(About this task) I'd like the entries repeated exactly, pictures omitted.
————————
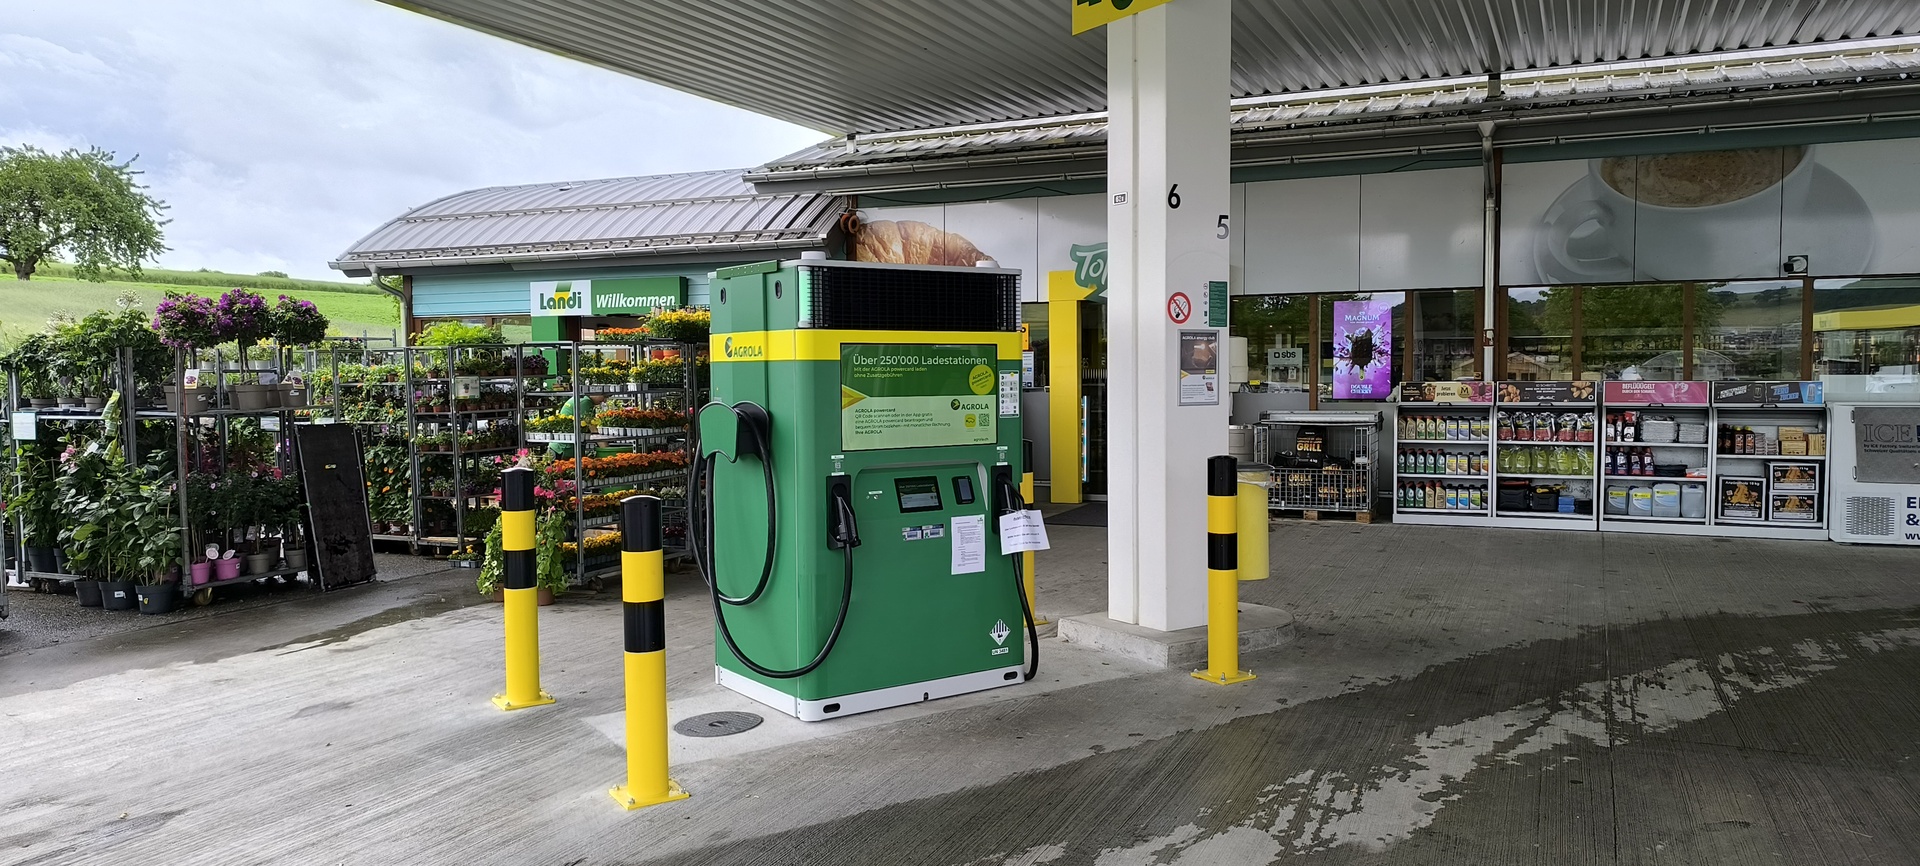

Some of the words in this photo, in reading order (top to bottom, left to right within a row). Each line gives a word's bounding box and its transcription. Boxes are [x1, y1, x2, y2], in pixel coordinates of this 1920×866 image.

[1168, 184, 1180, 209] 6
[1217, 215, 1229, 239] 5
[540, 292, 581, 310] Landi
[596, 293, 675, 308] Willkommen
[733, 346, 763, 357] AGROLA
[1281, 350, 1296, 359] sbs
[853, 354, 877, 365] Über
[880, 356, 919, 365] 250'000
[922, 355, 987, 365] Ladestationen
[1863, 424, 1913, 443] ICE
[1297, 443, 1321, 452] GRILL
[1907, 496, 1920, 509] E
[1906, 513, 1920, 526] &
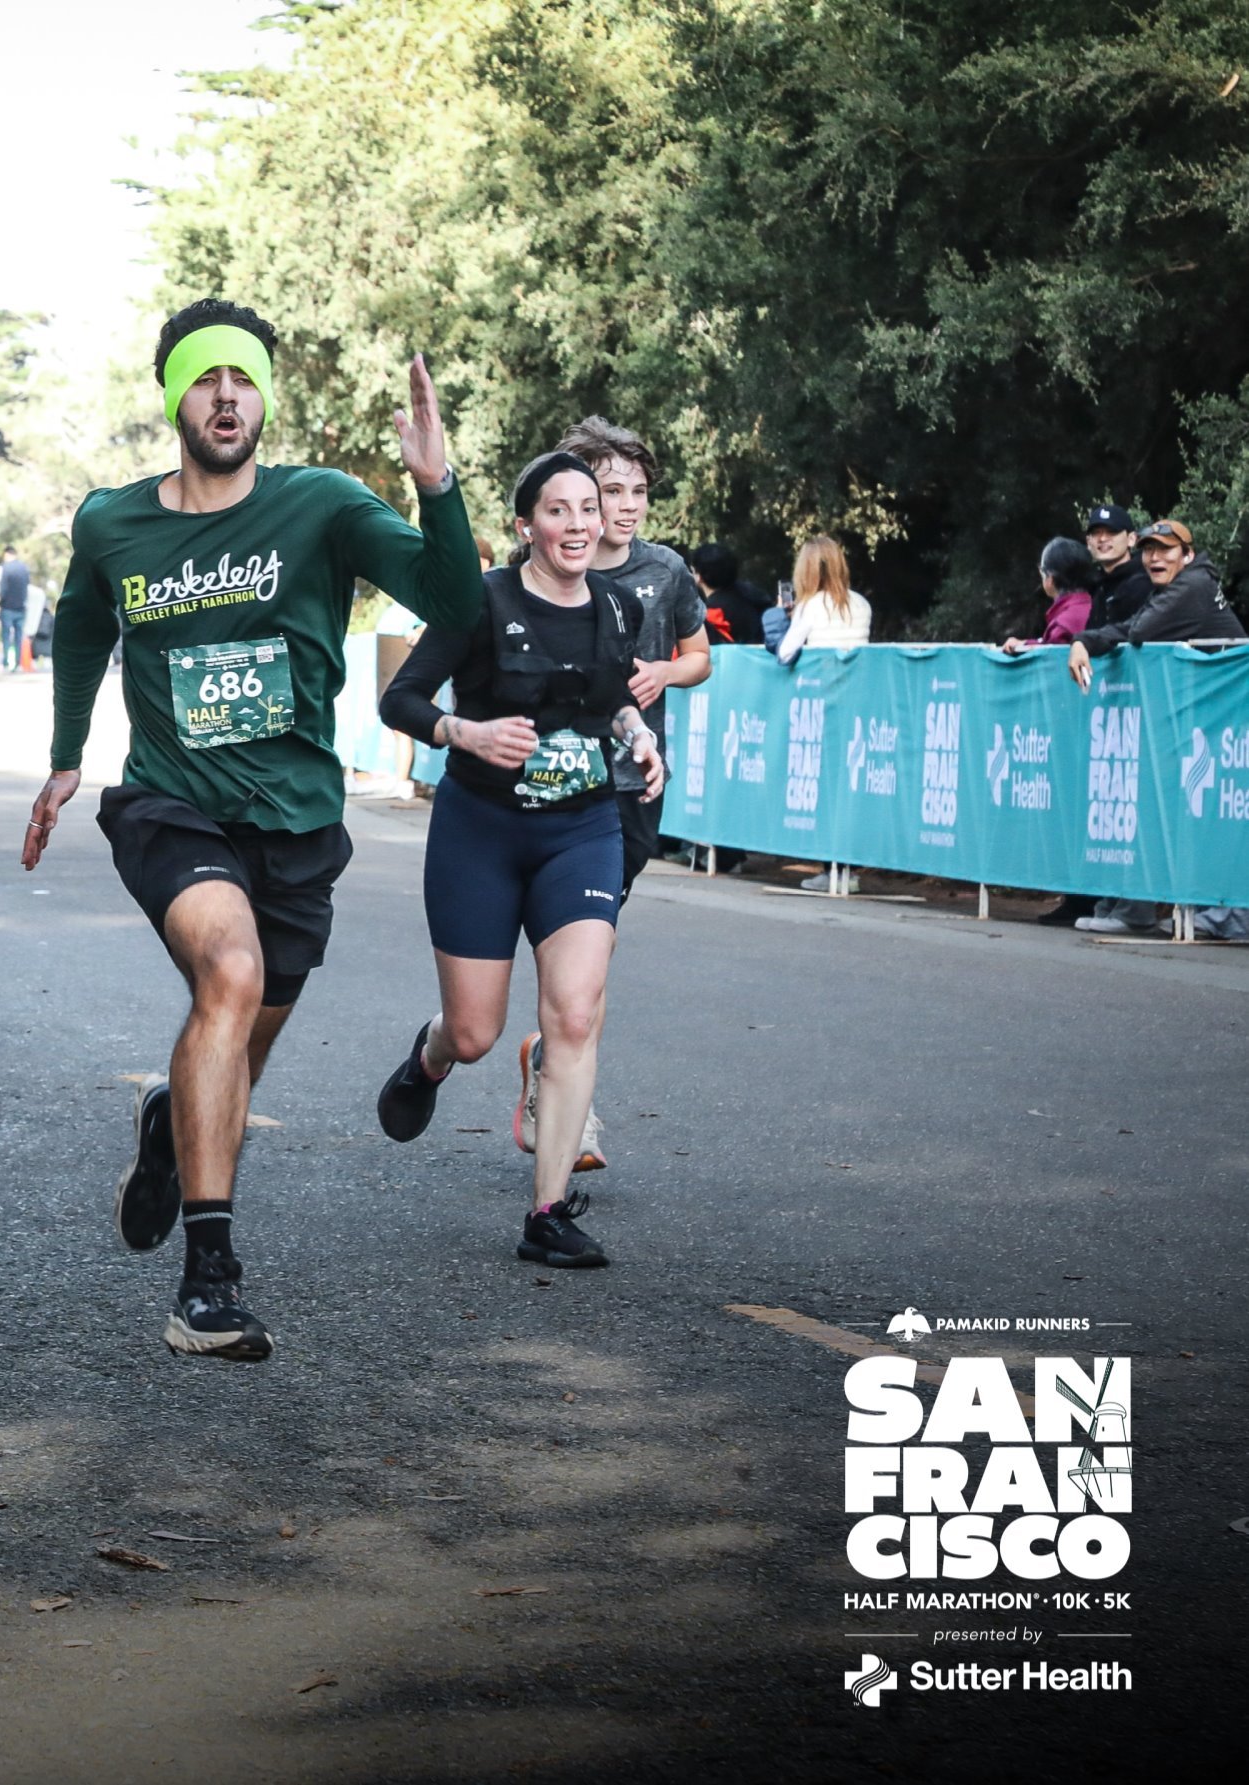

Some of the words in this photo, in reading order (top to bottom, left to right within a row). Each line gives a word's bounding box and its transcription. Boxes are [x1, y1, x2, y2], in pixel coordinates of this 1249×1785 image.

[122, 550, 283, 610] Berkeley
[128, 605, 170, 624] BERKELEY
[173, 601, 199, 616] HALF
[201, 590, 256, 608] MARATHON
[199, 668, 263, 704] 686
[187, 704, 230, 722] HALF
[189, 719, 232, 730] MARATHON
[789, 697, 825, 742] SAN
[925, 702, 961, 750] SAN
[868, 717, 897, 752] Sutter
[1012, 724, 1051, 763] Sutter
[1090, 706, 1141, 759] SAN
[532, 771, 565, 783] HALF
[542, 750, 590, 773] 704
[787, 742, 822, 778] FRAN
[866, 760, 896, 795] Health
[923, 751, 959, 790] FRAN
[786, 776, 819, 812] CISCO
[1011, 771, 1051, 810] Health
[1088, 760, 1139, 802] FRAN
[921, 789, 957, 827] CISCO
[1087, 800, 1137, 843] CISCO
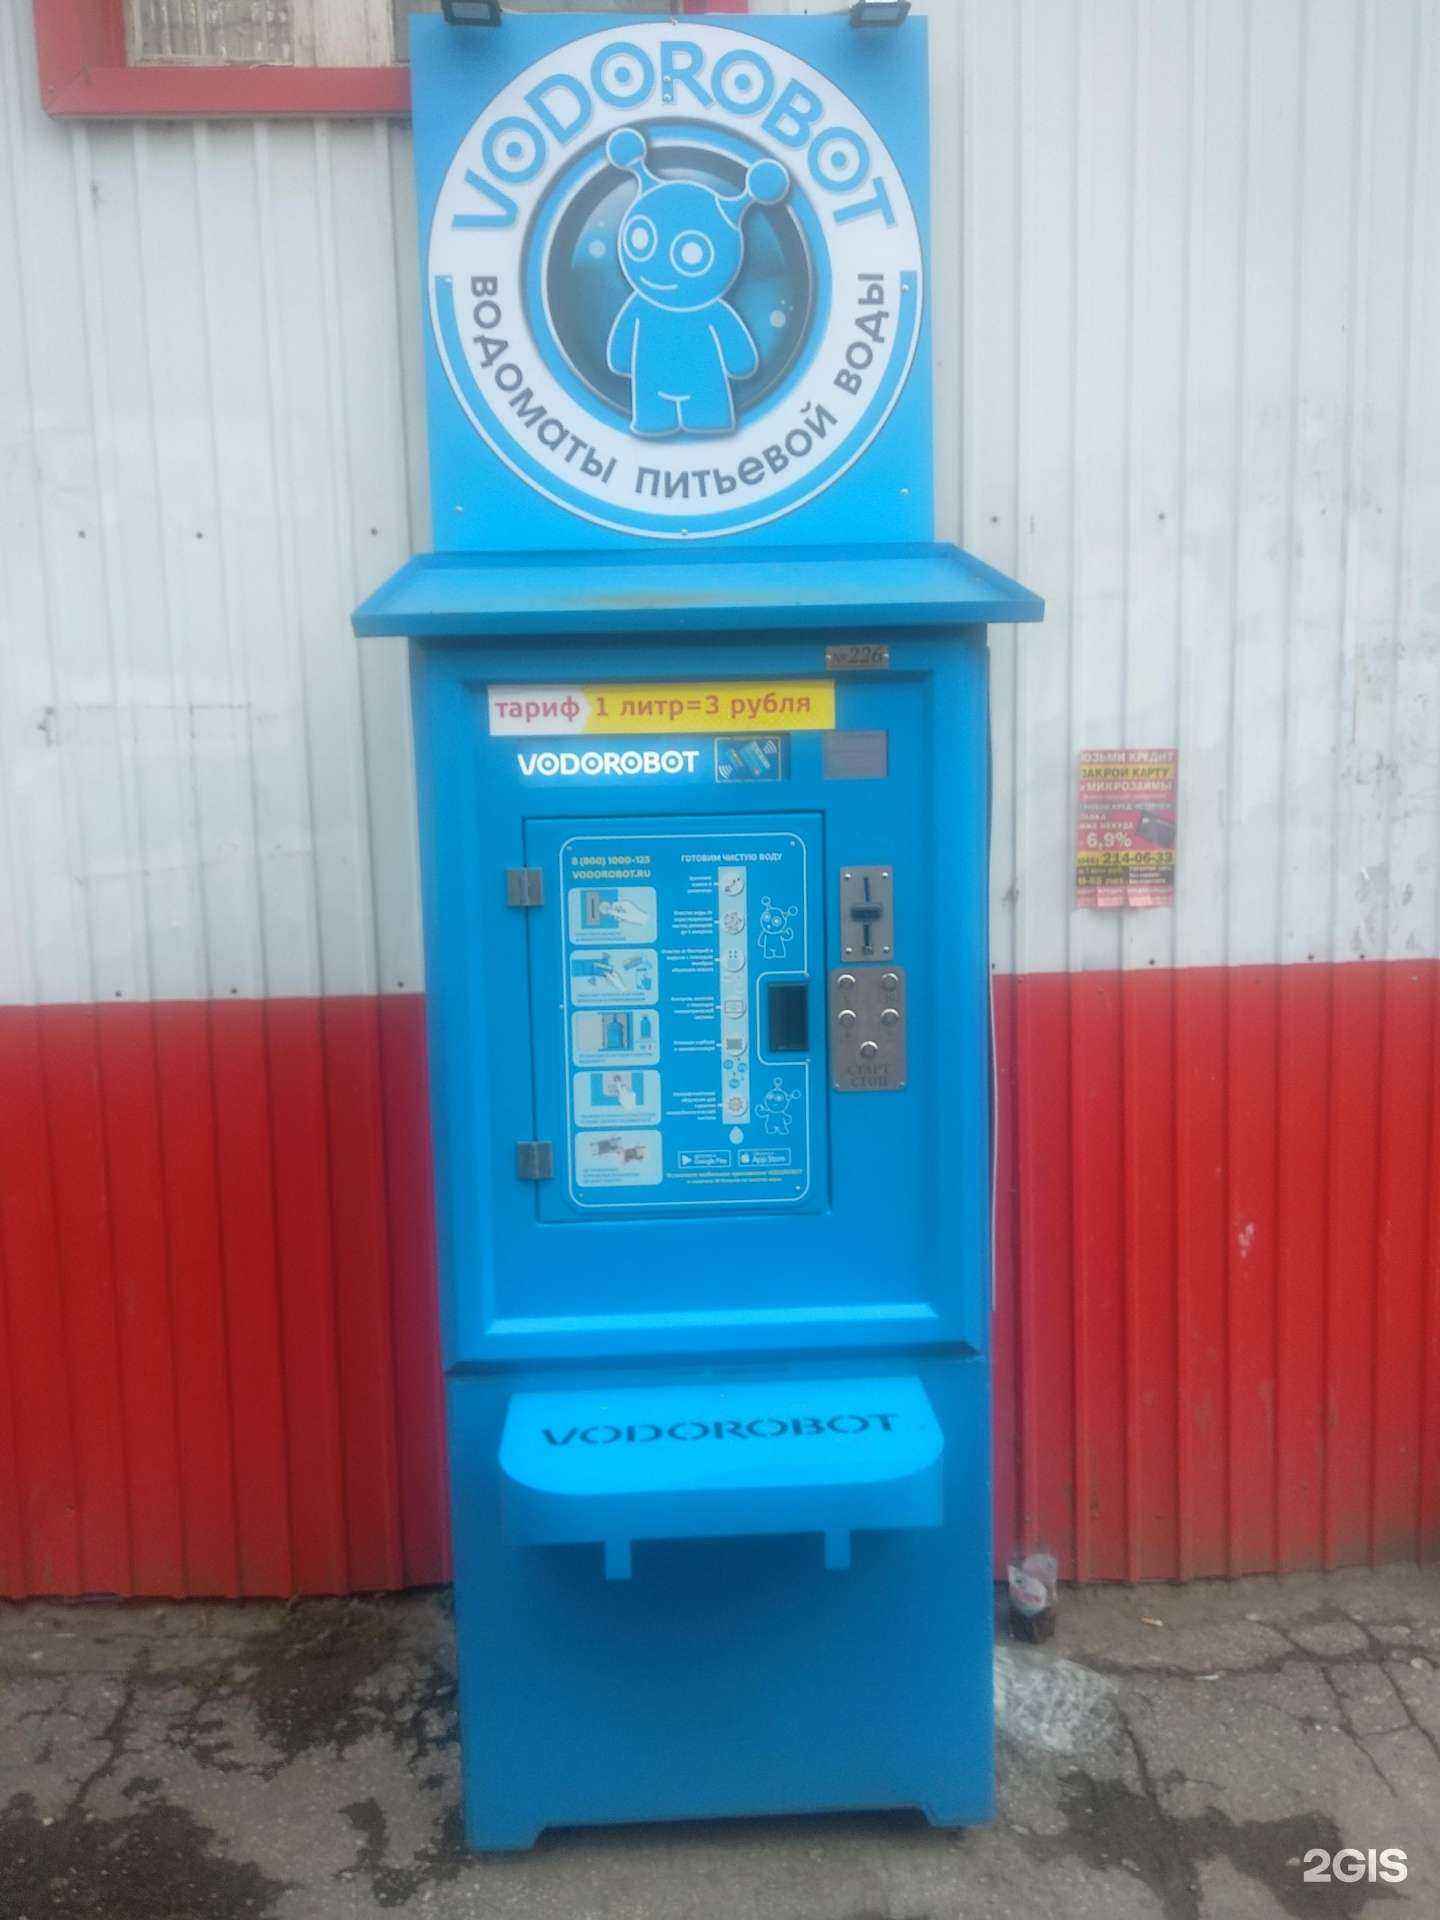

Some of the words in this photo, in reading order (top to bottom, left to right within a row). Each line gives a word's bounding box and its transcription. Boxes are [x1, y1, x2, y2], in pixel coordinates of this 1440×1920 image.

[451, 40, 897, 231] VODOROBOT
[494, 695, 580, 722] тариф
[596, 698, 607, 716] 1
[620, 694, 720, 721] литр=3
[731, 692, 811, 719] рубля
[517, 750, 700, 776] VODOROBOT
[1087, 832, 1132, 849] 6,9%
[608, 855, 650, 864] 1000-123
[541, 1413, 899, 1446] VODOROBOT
————————
(Solution for this task)
Some of the words in this photo, in reading order (top to bottom, left to right within a row). Each line gives a word's bounding box and its transcription. Boxes are [x1, y1, x2, y2], in pixel coordinates of this 1920×866 image.

[1168, 184, 1180, 209] 6
[1217, 215, 1229, 239] 5
[540, 292, 581, 310] Landi
[596, 293, 675, 308] Willkommen
[733, 346, 763, 357] AGROLA
[1281, 350, 1296, 359] sbs
[853, 354, 877, 365] Über
[880, 356, 919, 365] 250'000
[922, 355, 987, 365] Ladestationen
[1863, 424, 1913, 443] ICE
[1297, 443, 1321, 452] GRILL
[1907, 496, 1920, 509] E
[1906, 513, 1920, 526] &

Some of the words in this photo, in reading order (top to bottom, left to right within a row). Each line gives a word's bounding box and its transcription. Boxes are [x1, y1, x2, y2], in pixel coordinates of this 1249×1785 image.

[122, 550, 283, 610] Berkeley
[128, 605, 170, 624] BERKELEY
[173, 601, 199, 616] HALF
[201, 590, 256, 608] MARATHON
[199, 668, 263, 704] 686
[187, 704, 230, 722] HALF
[189, 719, 232, 730] MARATHON
[789, 697, 825, 742] SAN
[925, 702, 961, 750] SAN
[868, 717, 897, 752] Sutter
[1012, 724, 1051, 763] Sutter
[1090, 706, 1141, 759] SAN
[532, 771, 565, 783] HALF
[542, 750, 590, 773] 704
[787, 742, 822, 778] FRAN
[866, 760, 896, 795] Health
[923, 751, 959, 790] FRAN
[786, 776, 819, 812] CISCO
[1011, 771, 1051, 810] Health
[1088, 760, 1139, 802] FRAN
[921, 789, 957, 827] CISCO
[1087, 800, 1137, 843] CISCO

Some of the words in this photo, in reading order (top to bottom, left to right within a row). Each line gives a word's bounding box and its transcription. Boxes are [x1, y1, x2, y2], in pixel coordinates of this 1440×1920 image.

[451, 40, 897, 231] VODOROBOT
[494, 695, 580, 722] тариф
[596, 698, 607, 716] 1
[620, 694, 720, 721] литр=3
[731, 692, 811, 719] рубля
[517, 750, 700, 776] VODOROBOT
[1087, 832, 1132, 849] 6,9%
[608, 855, 650, 864] 1000-123
[541, 1413, 899, 1446] VODOROBOT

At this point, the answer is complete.